[Annotated photo localization data]
..........

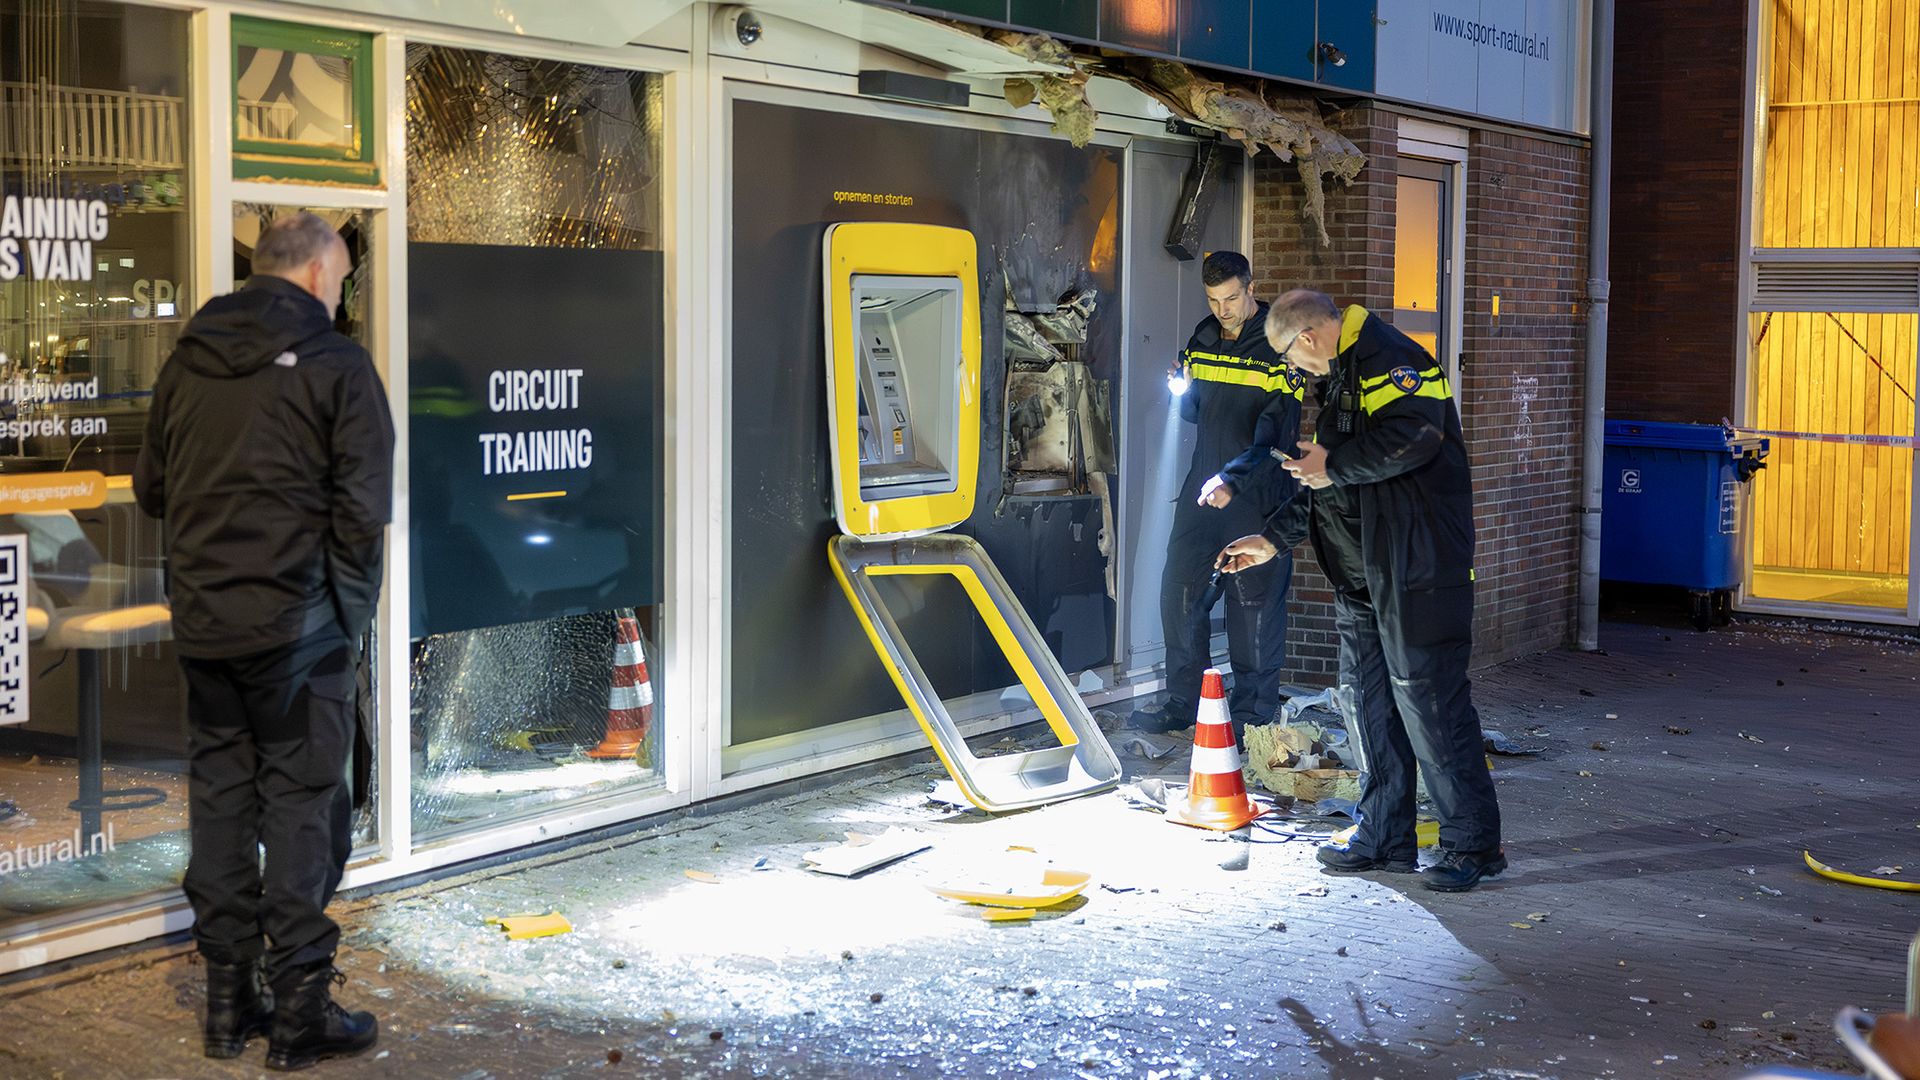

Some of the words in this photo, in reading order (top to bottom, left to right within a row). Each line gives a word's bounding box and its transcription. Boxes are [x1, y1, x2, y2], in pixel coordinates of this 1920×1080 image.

[1433, 11, 1550, 61] www.sport-natural.nl
[0, 195, 109, 241] AINING
[833, 191, 872, 204] opnemen
[873, 194, 884, 204] en
[884, 193, 913, 206] storten
[0, 237, 20, 281] S
[28, 239, 92, 281] VAN
[489, 369, 584, 413] CIRCUIT
[70, 417, 108, 437] aan
[478, 428, 593, 476] TRAINING
[0, 481, 95, 503] kingsgesprek/
[1623, 471, 1639, 486] G
[0, 822, 116, 876] atural.nl
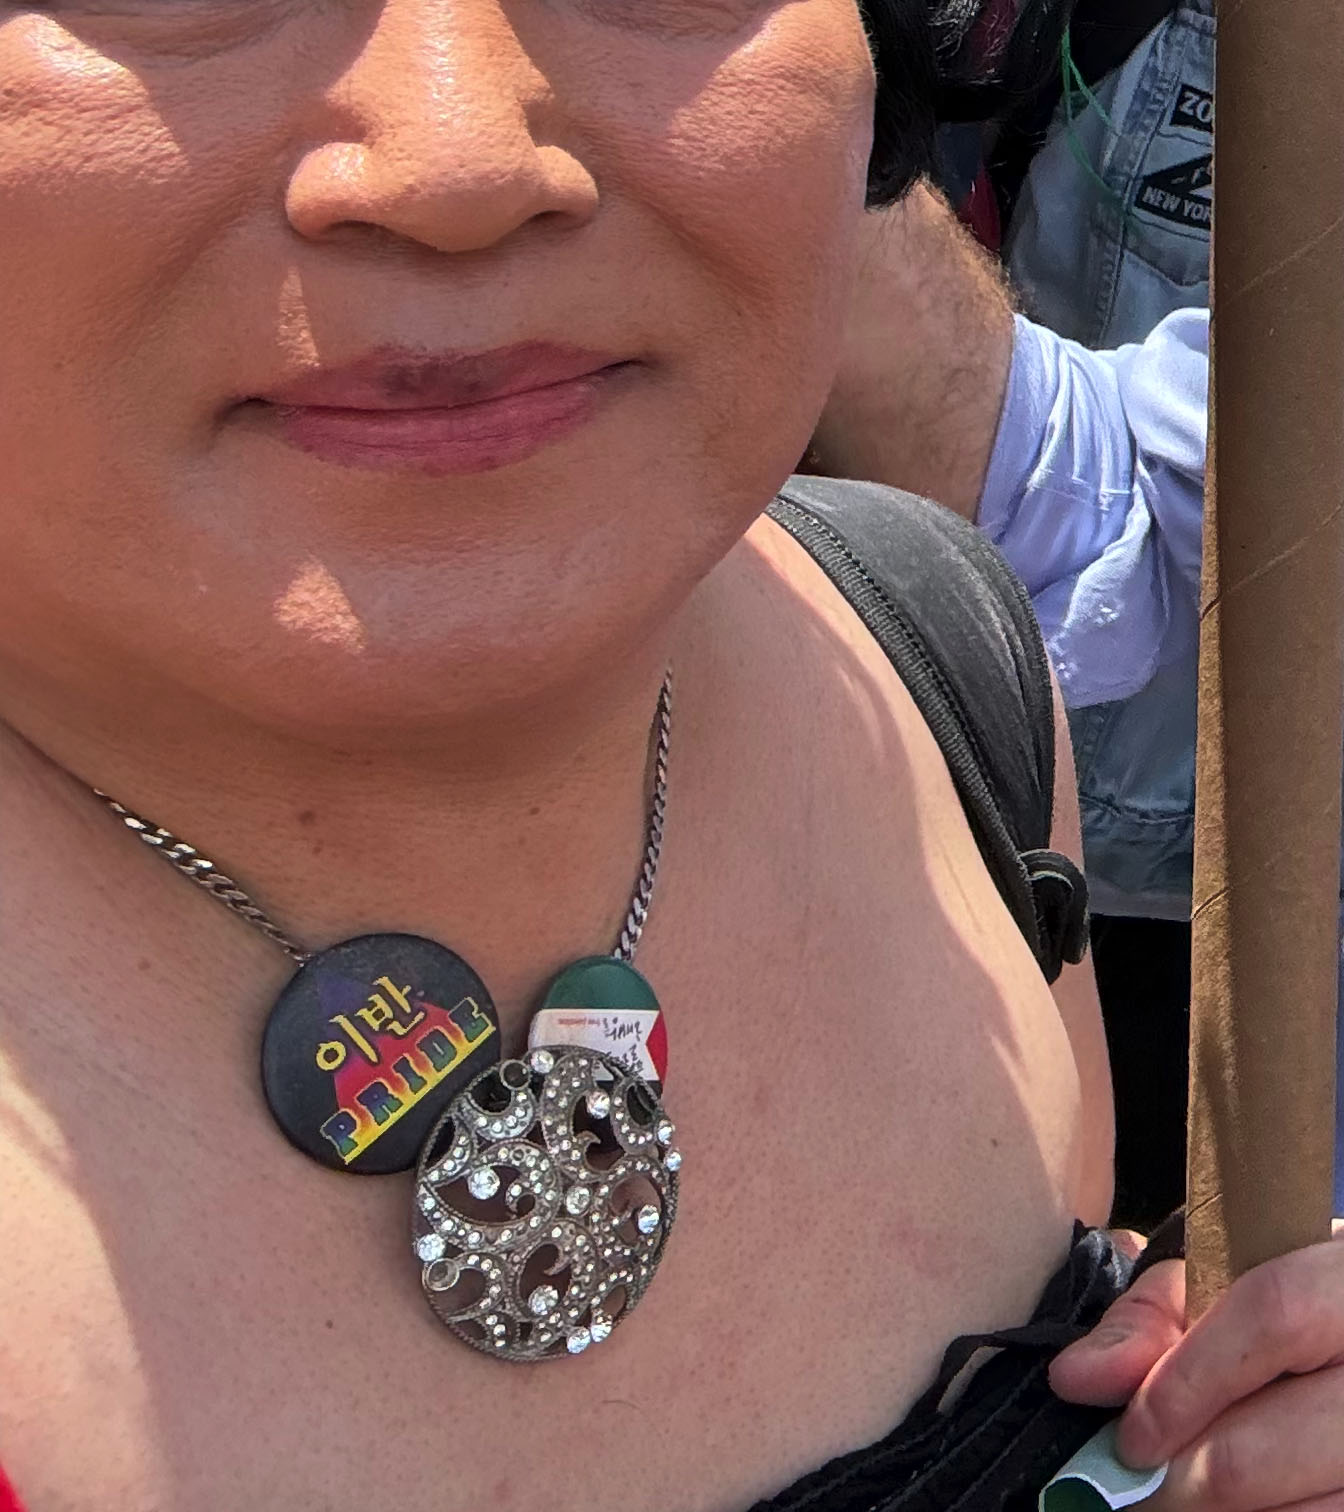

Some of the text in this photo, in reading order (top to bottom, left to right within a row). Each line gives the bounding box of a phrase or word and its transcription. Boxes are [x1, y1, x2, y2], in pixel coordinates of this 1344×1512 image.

[1142, 186, 1181, 213] NEW
[315, 974, 426, 1074] 이반
[320, 996, 495, 1160] PRIDE

..........

Exercise instructions: Print the data once more without any change, skipping each picture.

Result:
Some of the words in this photo, in reading order (top to bottom, left to right within a row). Each line gives a word's bounding box and its transcription. Boxes are [x1, y1, x2, y2], in pixel coordinates of this 1920×1080 image.

[1433, 11, 1550, 61] www.sport-natural.nl
[0, 195, 109, 241] AINING
[833, 191, 872, 204] opnemen
[873, 194, 884, 204] en
[884, 193, 913, 206] storten
[0, 237, 20, 281] S
[28, 239, 92, 281] VAN
[489, 369, 584, 413] CIRCUIT
[70, 417, 108, 437] aan
[478, 428, 593, 476] TRAINING
[0, 481, 95, 503] kingsgesprek/
[1623, 471, 1639, 486] G
[0, 822, 116, 876] atural.nl

Some of the text in this photo, in reading order (top to bottom, left to right within a row). Each line gives the bounding box of a phrase or word and its transcription. Boxes are [x1, y1, x2, y2], in pixel coordinates of this 1344×1512 image.

[1142, 186, 1181, 213] NEW
[315, 974, 426, 1074] 이반
[320, 996, 495, 1160] PRIDE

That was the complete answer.